▶ **WHAT IS REQUIRED**
Output the entries below exactly as written, omitting pictures.

··· EXERCISE MATERIALS ···

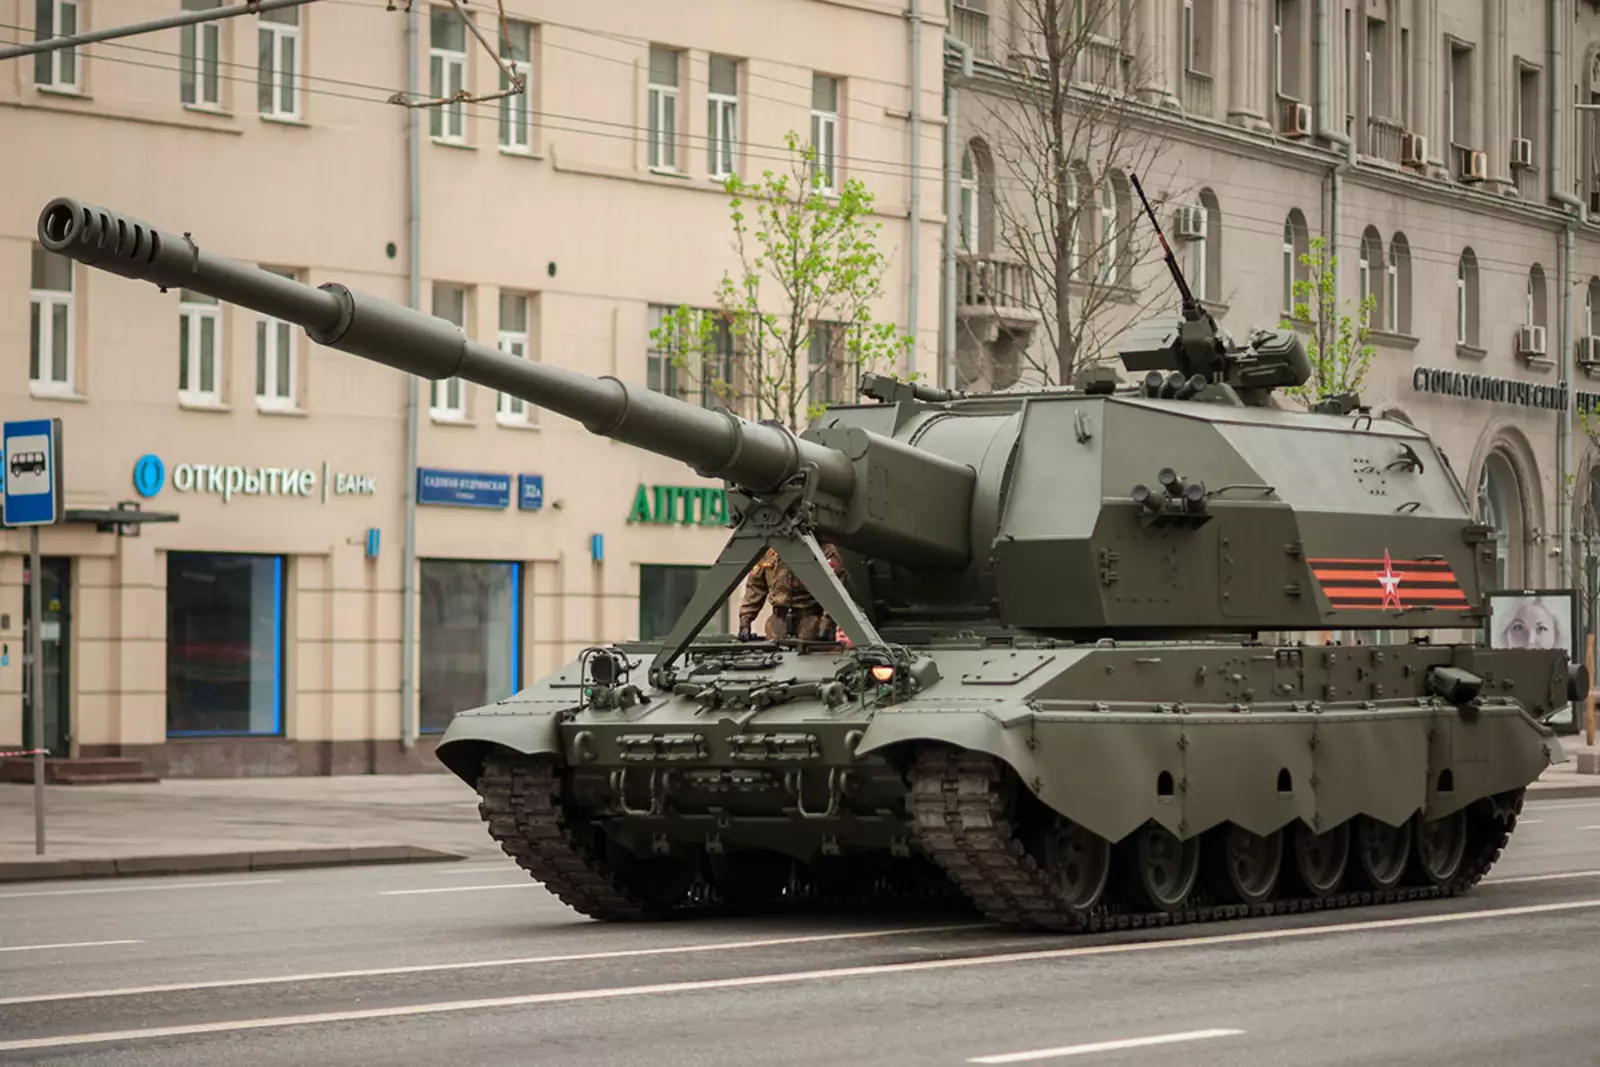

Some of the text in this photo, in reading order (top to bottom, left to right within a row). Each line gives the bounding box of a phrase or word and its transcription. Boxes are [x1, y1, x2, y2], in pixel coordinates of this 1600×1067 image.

[1413, 367, 1569, 411] СТОМАТОЛОГИЧЕСКИЙ
[173, 462, 376, 503] открытие БАНК
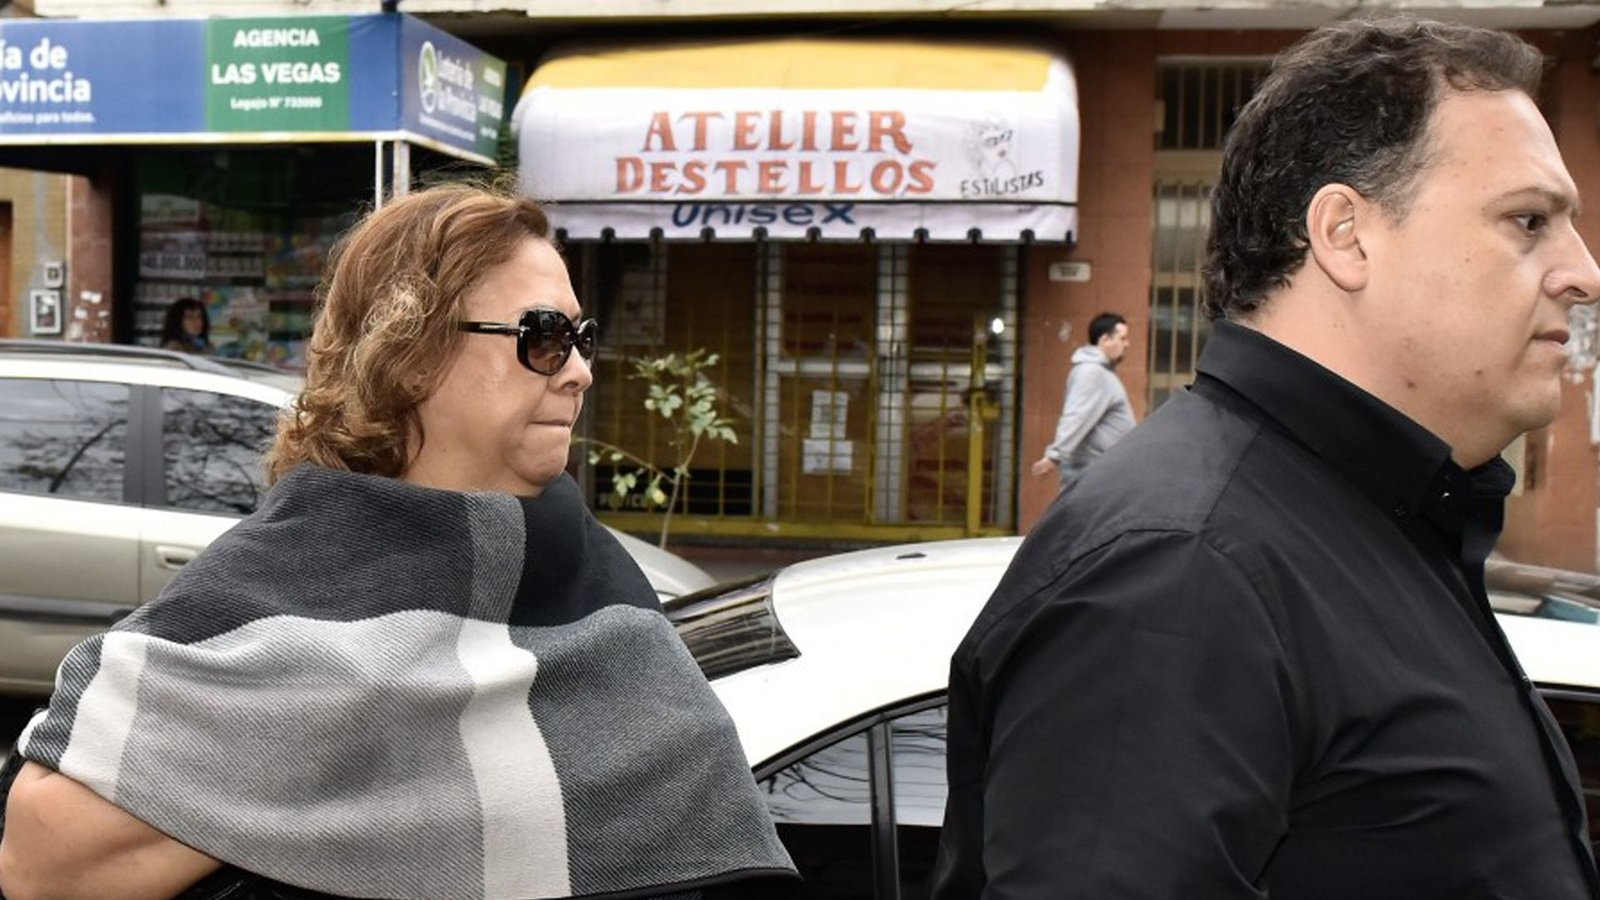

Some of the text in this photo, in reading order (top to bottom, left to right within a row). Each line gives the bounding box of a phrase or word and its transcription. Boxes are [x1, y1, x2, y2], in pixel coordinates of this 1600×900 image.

[29, 37, 69, 70] de
[233, 28, 320, 48] AGENCIA
[0, 71, 92, 103] vincia
[211, 61, 341, 85] LAS VEGAS
[642, 109, 914, 154] ATELIER
[612, 156, 938, 196] DESTELLOS
[960, 170, 1044, 199] ESTILISTAS
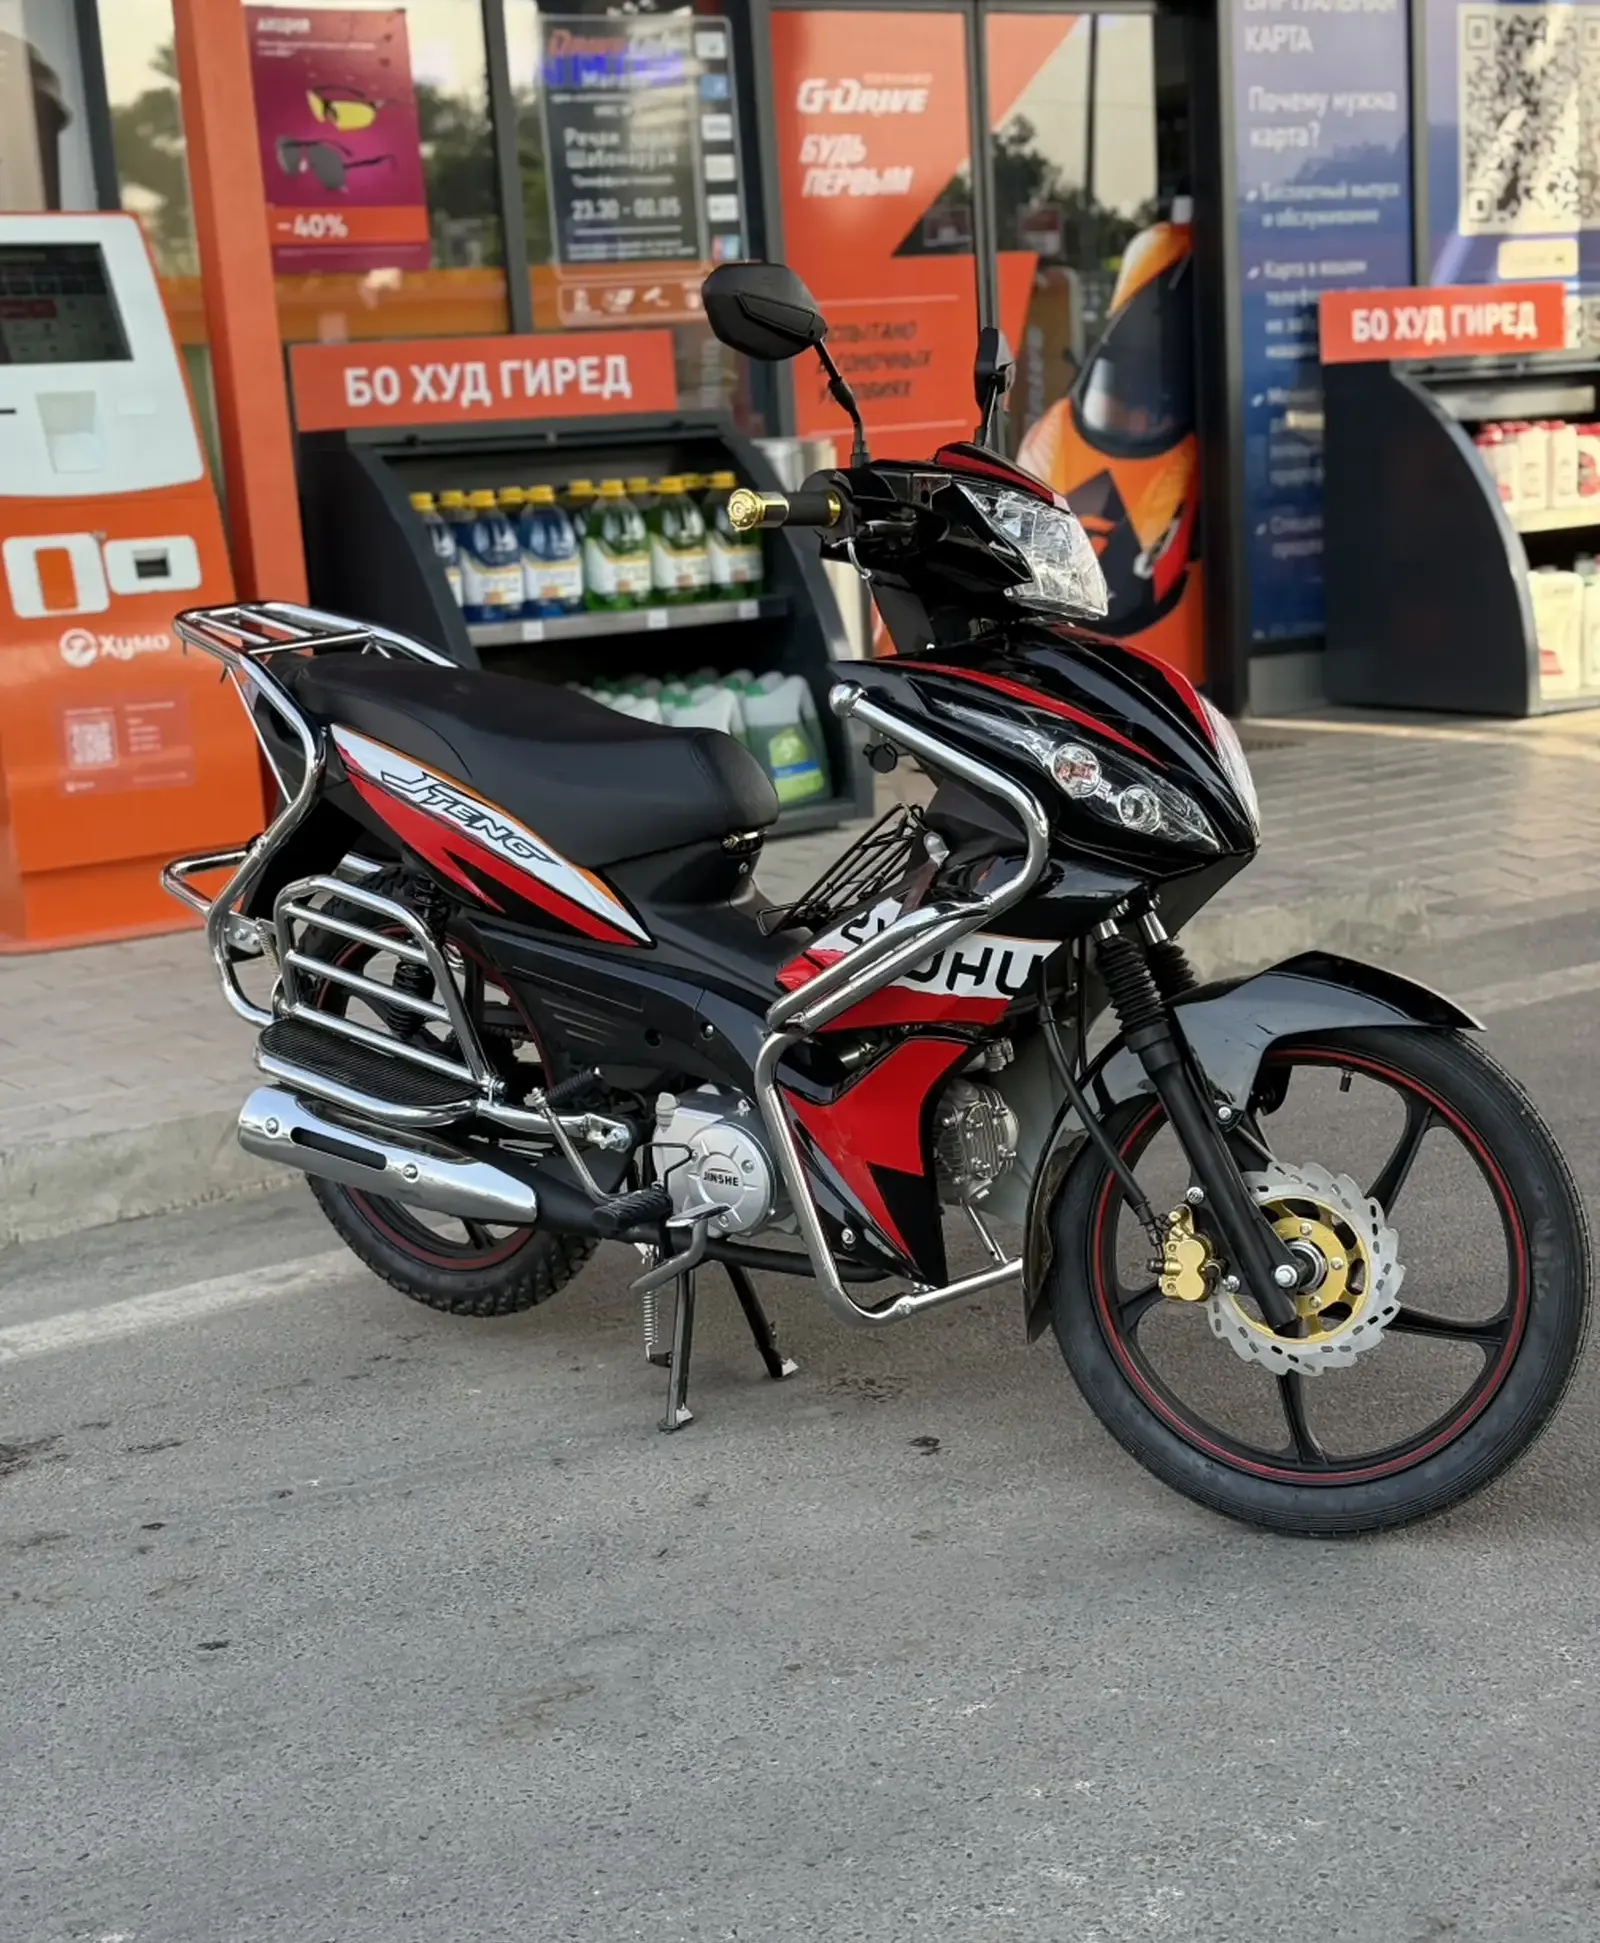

···

▶ **ANSWER TO THIS EXERCISE**
Some of the text in this photo, in reading order (top to bottom, left to right within a row). Each line gives the bounding box of a phrase or word and its transcription. Boxes are [x1, y1, x2, y2], in pixel coordinates of this 1600×1067 image.

[1413, 367, 1569, 411] СТОМАТОЛОГИЧЕСКИЙ
[173, 462, 376, 503] открытие БАНК

Some of the text in this photo, in reading order (top to bottom, left to right within a row). Each line gives the bounding box of a phrase or word and its transcription. Boxes are [x1, y1, x2, y2], in pixel coordinates of this 1600×900 image.

[29, 37, 69, 70] de
[233, 28, 320, 48] AGENCIA
[0, 71, 92, 103] vincia
[211, 61, 341, 85] LAS VEGAS
[642, 109, 914, 154] ATELIER
[612, 156, 938, 196] DESTELLOS
[960, 170, 1044, 199] ESTILISTAS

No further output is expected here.